How to compare employment generation in relation to growth?
- A good way to measure this relationship is to look at employment elasticity of growth — it is the extent to which employment grows when GDP grows by one unit.
- It is calculated by dividing the employment growth rate by the output growth rate.
- Employment elasticity is a measure of the percentage change in employment associated with a 1 percentage point change in economic growth.
- The employment elasticity indicates the ability of an economy to generate employment opportunities for its population as per cent of its growth (development) process.

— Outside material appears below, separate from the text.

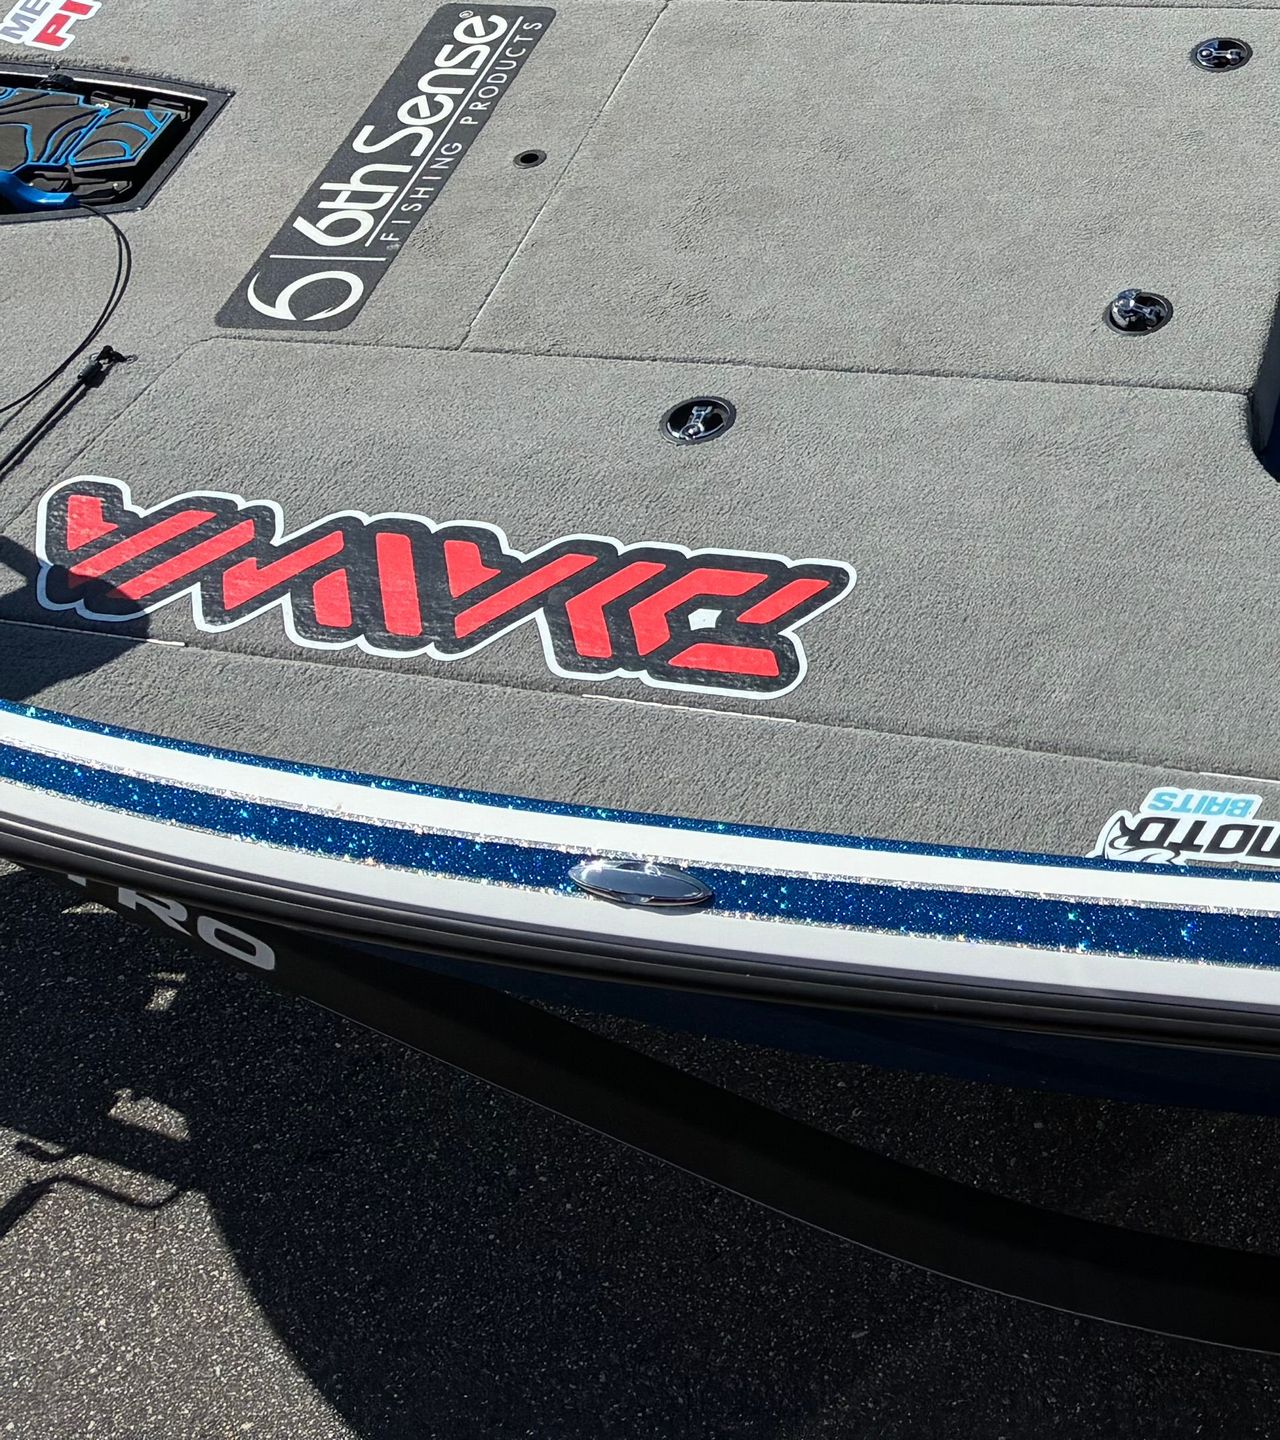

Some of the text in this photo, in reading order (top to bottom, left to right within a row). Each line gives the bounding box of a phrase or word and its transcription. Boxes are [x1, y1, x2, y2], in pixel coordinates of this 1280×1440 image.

[352, 14, 508, 157] Sense
[380, 21, 544, 242] FISHING PRODUCTS
[292, 163, 413, 246] 6th
[1148, 790, 1255, 818] BAITS

- An employment elasticity of 1 implies that with every 1 percentage point growth in GDP, employment increases by 1%.
- An employment elasticity of 1 denotes that employment grows at the same rate as economic growth.

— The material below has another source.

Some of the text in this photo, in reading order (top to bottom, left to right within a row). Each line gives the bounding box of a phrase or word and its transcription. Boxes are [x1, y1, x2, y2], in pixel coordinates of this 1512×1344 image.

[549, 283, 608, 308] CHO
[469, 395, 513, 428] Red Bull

- Elasticity of 0 denotes that employment does not grow at all, regardless of economic growth.
- Negative employment elasticity denotes that employment shrinks as the economy grows. This is crucial as it is commonly believed that economic growth alone will increase employment.
- The negative employment elasticity in agriculture indicates movement of people out of agriculture to other sectors where wage rates are higher.
- However, the negative employment elasticity in the manufacturing sector was a cause of concern particularly when the sector has shown positive growth in output.
- An employment elasticity of 1 implies that with every 1 percentage point growth in GDP, employment increases by 1%.
- Jobless growth means that the high growth in GDP did not accompany a similar growth in employment, resulting in a low Employment Elasticity.
Recent trend in employment elasticity:
- As can be seen, employment elasticity has consistently fallen between 1983 and 2017, showing that a 1% increase in GDP leads to a less than 1% increase in employment.
- It is noteworthy how employment elasticity went up so sharply in the last few years. Highlighted in circles, we can see that non-farm employment growth rate improved during this period.
- It is also true that the employment elasticity calculation was helped by the fact that the non-farm output growth (the denominator in this formula) also fell quite sharply.
- In addition the majority of employment generation in this phase has been self-employment.
- In 2020-21 (pandemic year) regular wage employment fell by 2.2 million. But this net change hides an increase in formal employment by 3 million and a loss of about 5.2 million of semi and informal regular wage employment.